I have been talking for a long time about the negative side of the Pill, mostly from a women’s health and welfare angle. I have also critiqued the Pill because it distorts the relationship between the sexes and harms women’s chances of long term relationship happiness in something called marriage.
This is something that ideologues have loved to critique. I’m “anti-sex” or “religious” or this or that. I’m betting they won’t say that about the Toronto Star.
I have been on the birth control pill, and the sadness factor, or feeling distant from life, the world and myself is what I experienced. It wasn’t pleasant but at the time, so many moons ago, I had no way to understand what was happening or connect the dots. When I came off the Pill that feeling went away. And so, in hindsight, I realize my life had became more difficult, and coping strategies that I would have had naturally were taken away, thanks to the Pill messing with my hormones.

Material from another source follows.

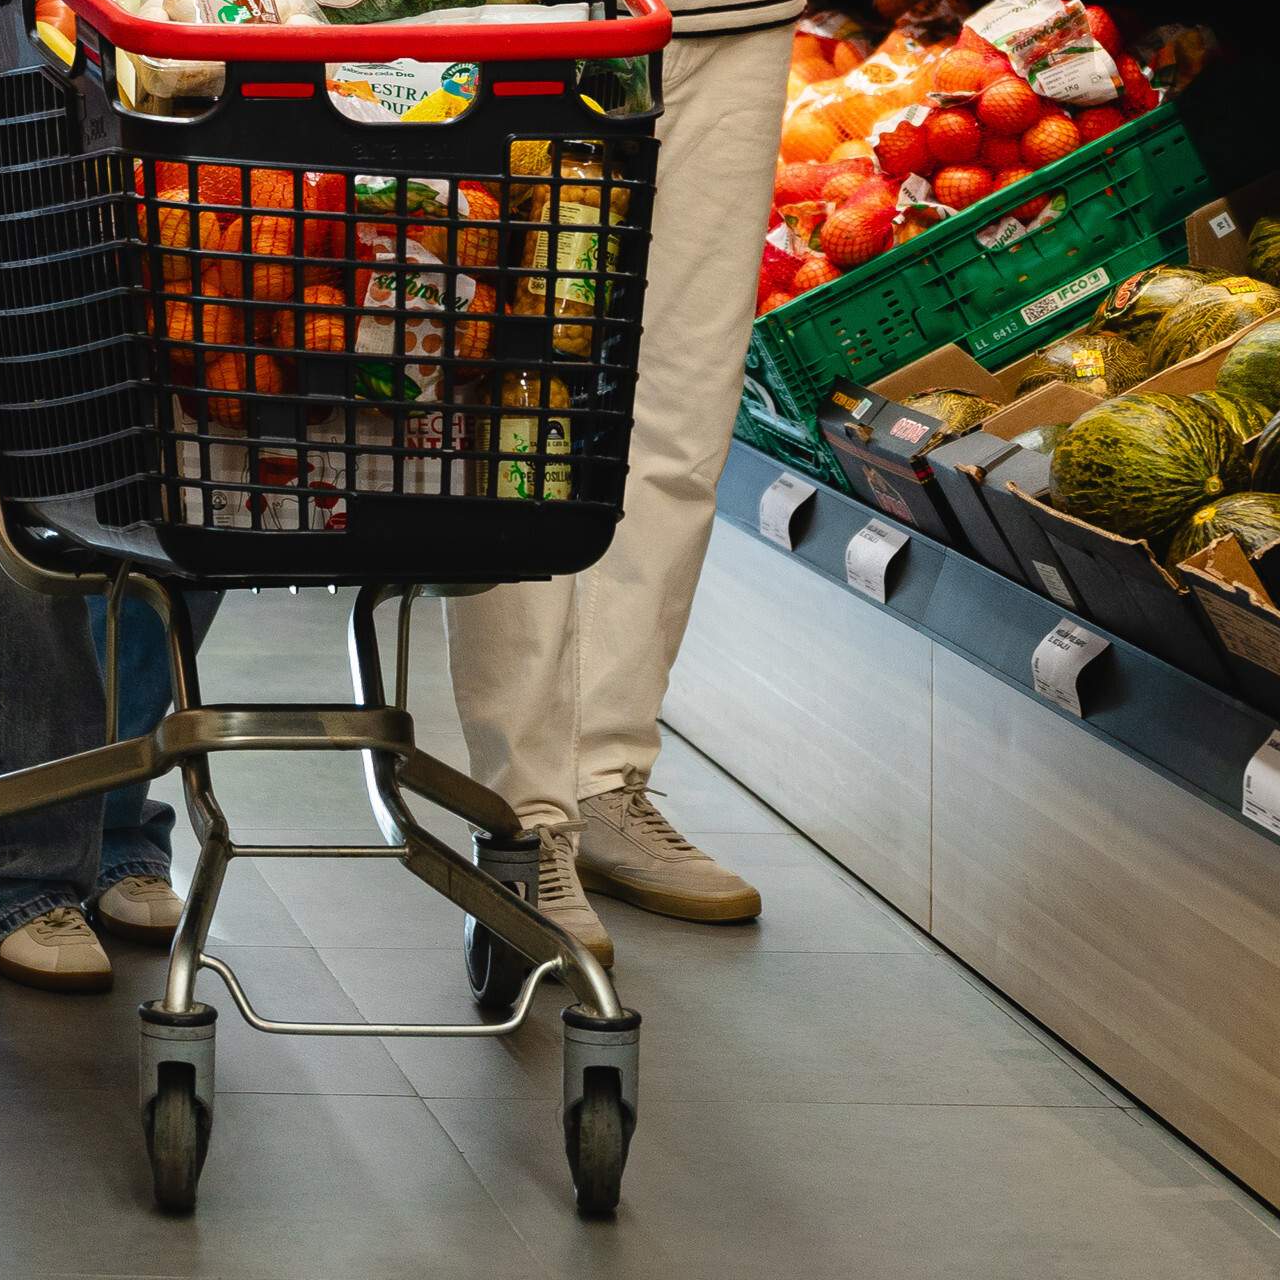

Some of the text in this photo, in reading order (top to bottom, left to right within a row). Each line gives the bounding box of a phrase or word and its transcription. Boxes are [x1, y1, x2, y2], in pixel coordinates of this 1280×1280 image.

[1057, 279, 1088, 302] IFCO
[974, 322, 1019, 351] LL 6413

Anyway, you can read more, for yourself. But let this moment stand, and enjoy it: People opposed to the Pill had good reason, and the rest of the world is now catching up.
Some of the women say they became uncomfortable with putting synthetic hormones in their bodies. Many say the pill affected their emotional state.

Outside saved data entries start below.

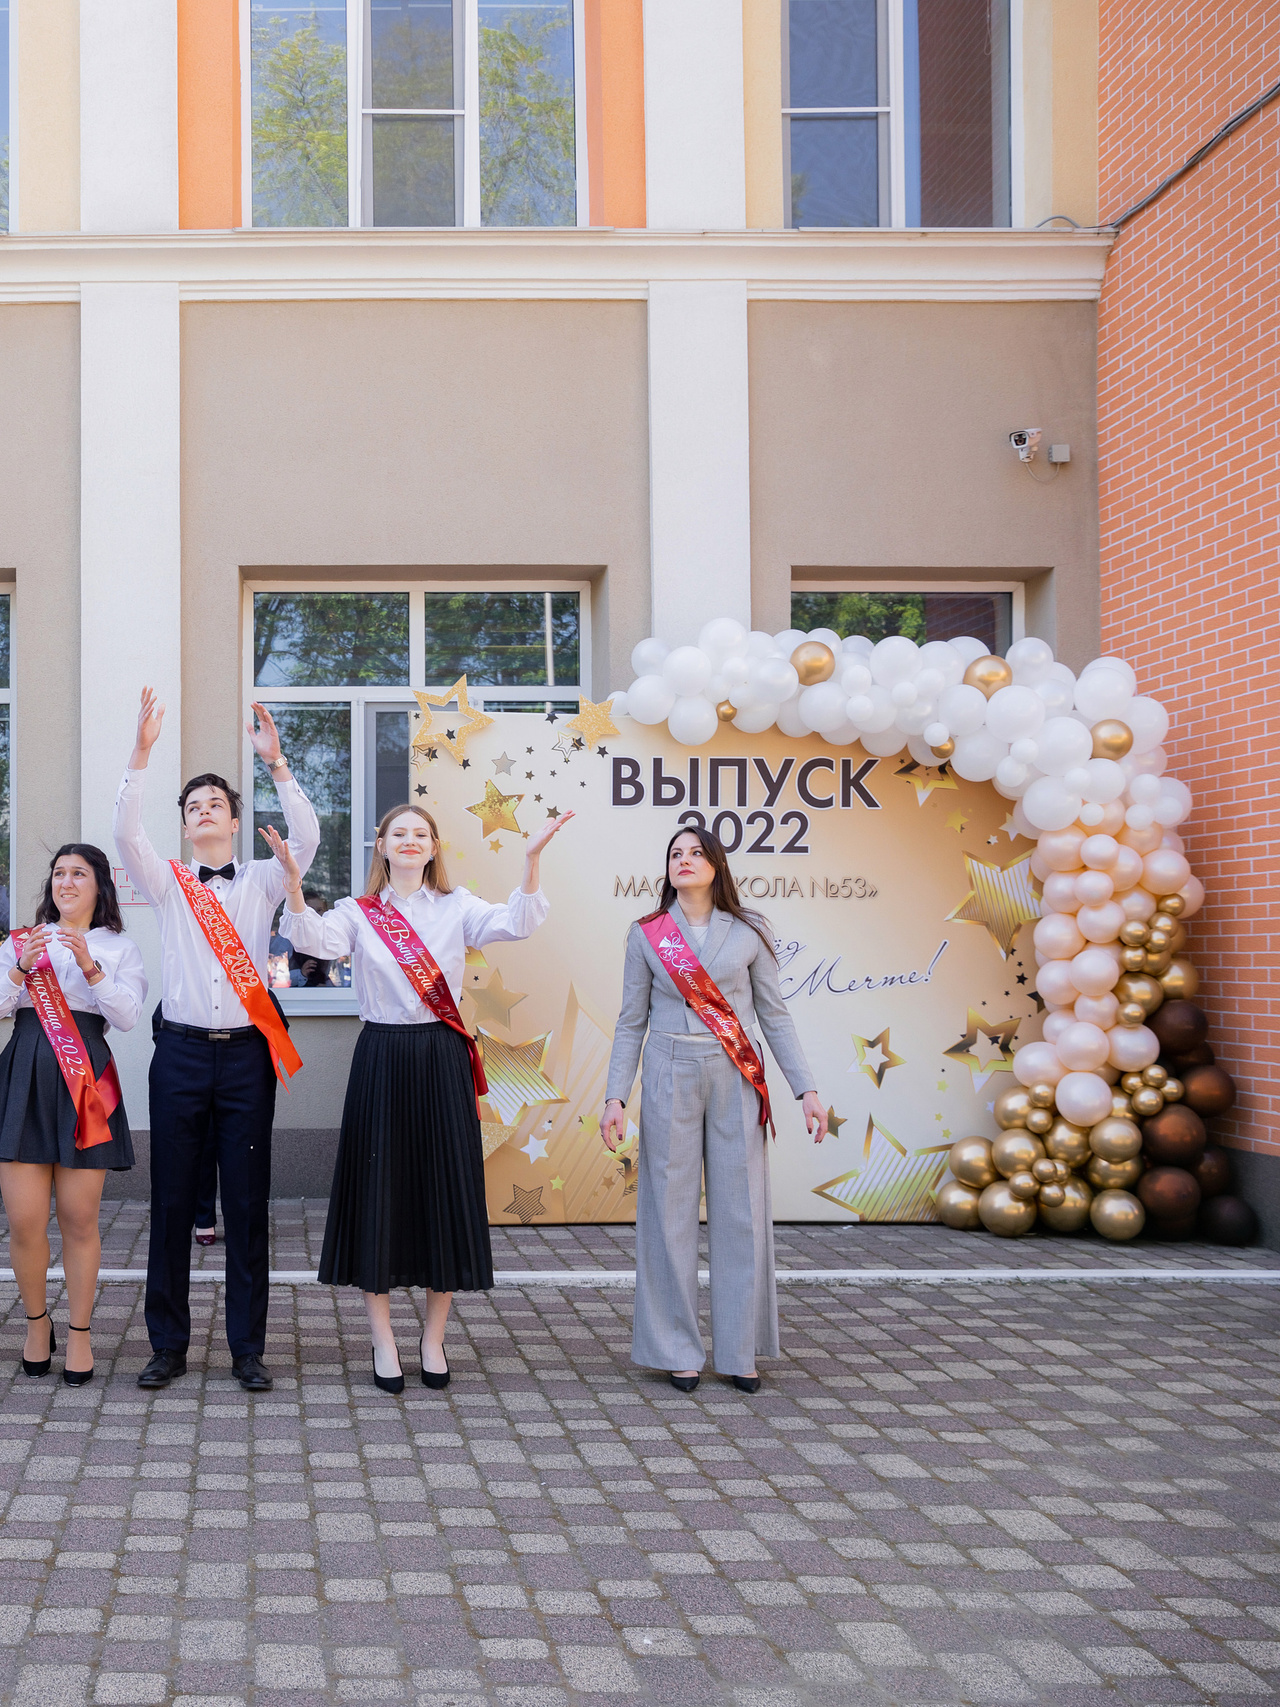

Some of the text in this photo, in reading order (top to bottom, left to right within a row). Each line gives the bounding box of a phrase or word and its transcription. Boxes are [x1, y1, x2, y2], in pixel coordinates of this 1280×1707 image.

[611, 756, 881, 809] ВЫПУСК
[223, 949, 260, 994] 2022
[383, 919, 439, 1005] Выпускница
[779, 940, 948, 1001] Мечте!
[671, 958, 708, 1003] Классный
[700, 1002, 745, 1058] руководитель
[743, 1060, 762, 1084] 2022
[56, 1035, 86, 1076] 2022

A large-scale, longitudinal study published in September in the journal JAMA Psychiatry, part of the Journal of the American Medical Association network, suggests hormonal contraception could cause depression.

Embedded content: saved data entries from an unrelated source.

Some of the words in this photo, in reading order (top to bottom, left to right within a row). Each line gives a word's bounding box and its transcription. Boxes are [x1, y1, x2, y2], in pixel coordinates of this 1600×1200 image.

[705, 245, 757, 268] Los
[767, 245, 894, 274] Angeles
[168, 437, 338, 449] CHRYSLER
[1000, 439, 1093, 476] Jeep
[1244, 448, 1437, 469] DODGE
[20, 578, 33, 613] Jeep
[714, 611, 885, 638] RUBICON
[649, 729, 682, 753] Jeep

The study analyzed data from more than one million women aged 15 to 34, collected from Denmark’s National Prescription Register and Psychiatric Central Research Register over 14 years. The authors concluded women who took the birth control pill had a 23 per cent greater risk of depression than those who did not take the pill. Compared to non-users, the risk associated with progestin-only pills was 34 per cent greater.
Other methods of birth control carried a higher risk of depression, which may be linked to dosage, the study says: women using the progestin-releasing IUD faced a 40 per cent greater risk than non-users; the risk for vaginal ring users was 60 per cent greater. The birth control patch doubled the risk of depression.